Bogotá. El ejército colombiano capturó al médico del décimo frente de las FARC, alias
`Kliver Castillo´, quien se inició como guerrillero raso y posteriormente fue nombrado cabecilla de escuadra, informó el Ejército.

La captura del guerrillero junto con el hallazgo de una fábrica artesanal de explosivos, fueron los resultados de las operaciones adelantadas por tropas de la Décima Octava Brigada, en el departamento de Arauca.

El comunicado de prensa indica que la eficaz acción militar, que permitió dar captura a alias `Kliver Castillo´, fue realizada por soldados del Batallón Especial Energético y Vial N°1 `General Juan José Neira´ en coordinación con miembros del DAS, en el casco urbano de la ciudad capital.

El sujeto fue puesto a disposición de la Fiscalía Tercera de Arauca, autoridad competente que se encargará de adelantar su respectiva judicialización.

El informe de prensa indica que alias `Kliver Castillo´ se inició como guerrillero raso y posteriormente fue nombrado cabecilla de escuadra. Realizó curso de enfermería dictado por médicos en un país extranjero.

Los conocimientos adquiridos le sirvieron para desempeñarse como el médico de la décima cuadrilla de las FARC, encargado de atender a los integrantes de este reducto terrorista que resultaban heridos en combates.

Mientras se desempeñaba en este cargo, fue escogido por alias `Arsecio´, cabecilla de la célula terrorista, para adelantar un curso en el manejo de explosivos, dice el informe del ejército.

A alias `Kliver´, se le atribuye el atentado contra el alcalde del municipio de Arauquita, en el año 2008, en el cual cuatro integrantes de la Fuerza Pública fueron asesinados y tres más resultaron heridos, indica el comunicado de prensa.

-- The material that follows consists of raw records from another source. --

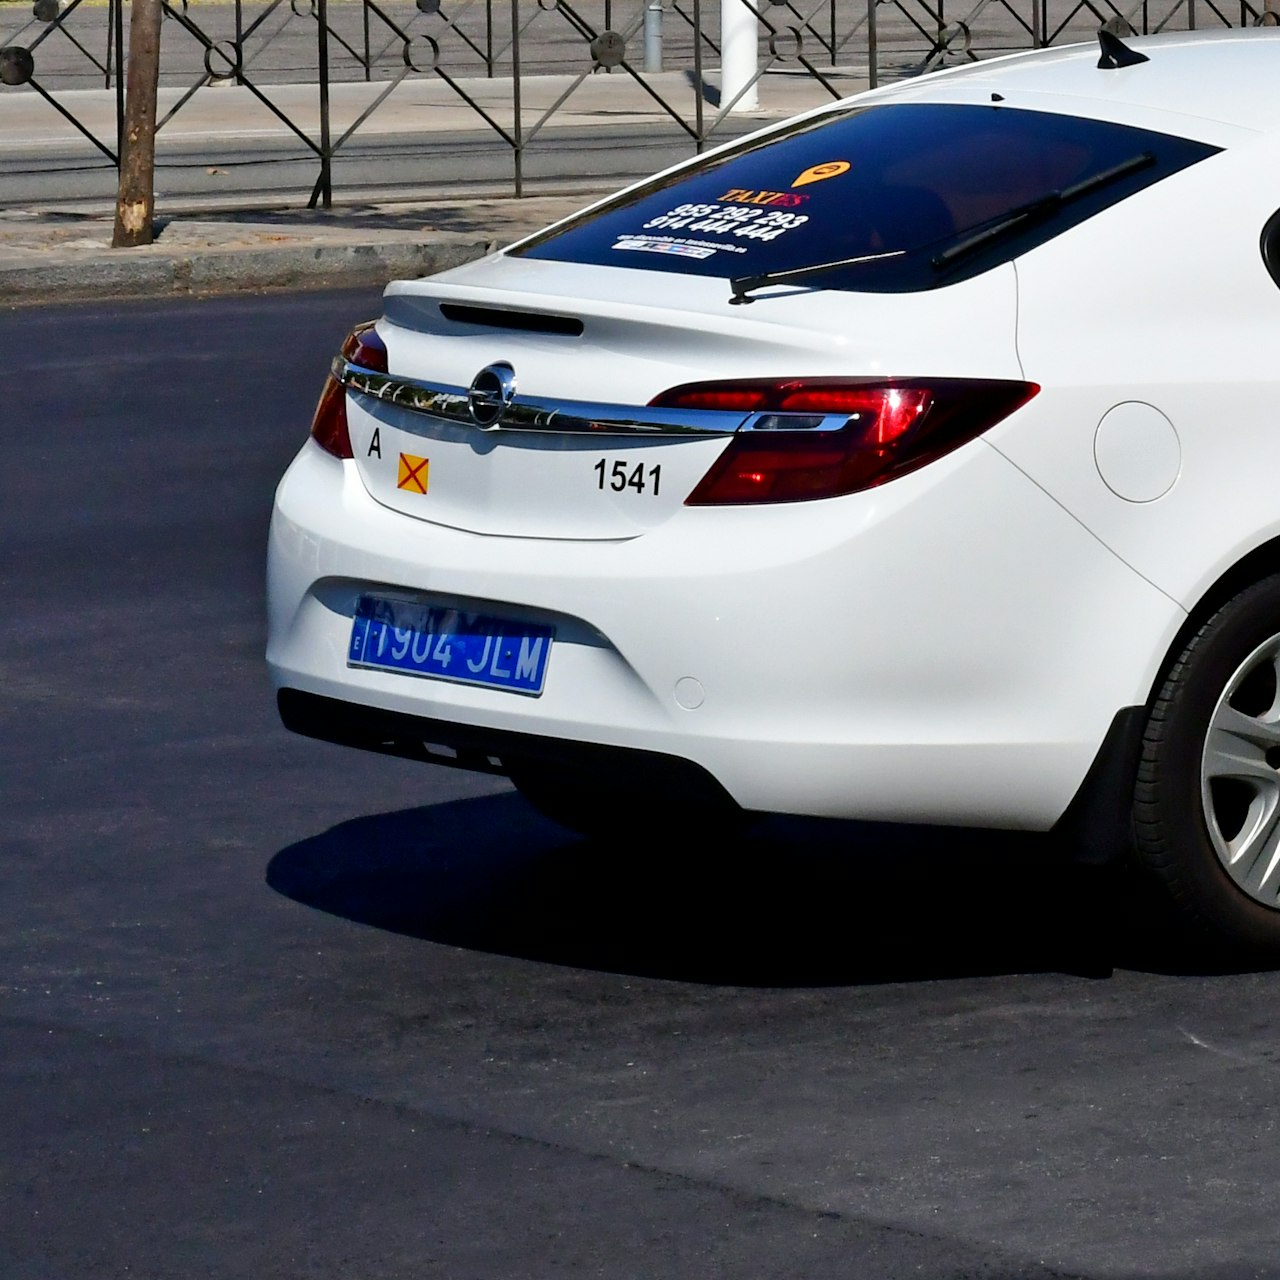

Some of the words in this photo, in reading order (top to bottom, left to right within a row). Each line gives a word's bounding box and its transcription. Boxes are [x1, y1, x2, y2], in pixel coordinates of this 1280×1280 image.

[716, 188, 803, 207] TAXIES
[643, 216, 695, 230] 914
[687, 218, 741, 235] 444
[731, 224, 787, 242] 444
[667, 203, 720, 218] 955
[709, 206, 764, 222] 292
[753, 211, 809, 229] 293
[367, 427, 382, 459] A
[594, 458, 661, 496] 1541
[353, 636, 361, 650] E
[376, 621, 451, 668] 1904
[466, 635, 544, 683] JLM

Por otra parte, efectivos del Batallón de Ingenieros N° 18 `General Rafael Navas Pardo´, mediante operaciones de registro y control militar de área sobre la vereda Curipao, jurisdicción del municipio de Tame, hallaron dos áreas campamentarias en las que se podía albergar cerca de 30 integrantes de la décima cuadrilla de las FARC.

En el registro militar de las estructuras clandestinas, los soldados ubicaron una fábrica artesanal de explosivos en la cual los terroristas dejaron abandonado en su huida, 1.400 metros de cordón detonante y 300 metros de cable dúplex.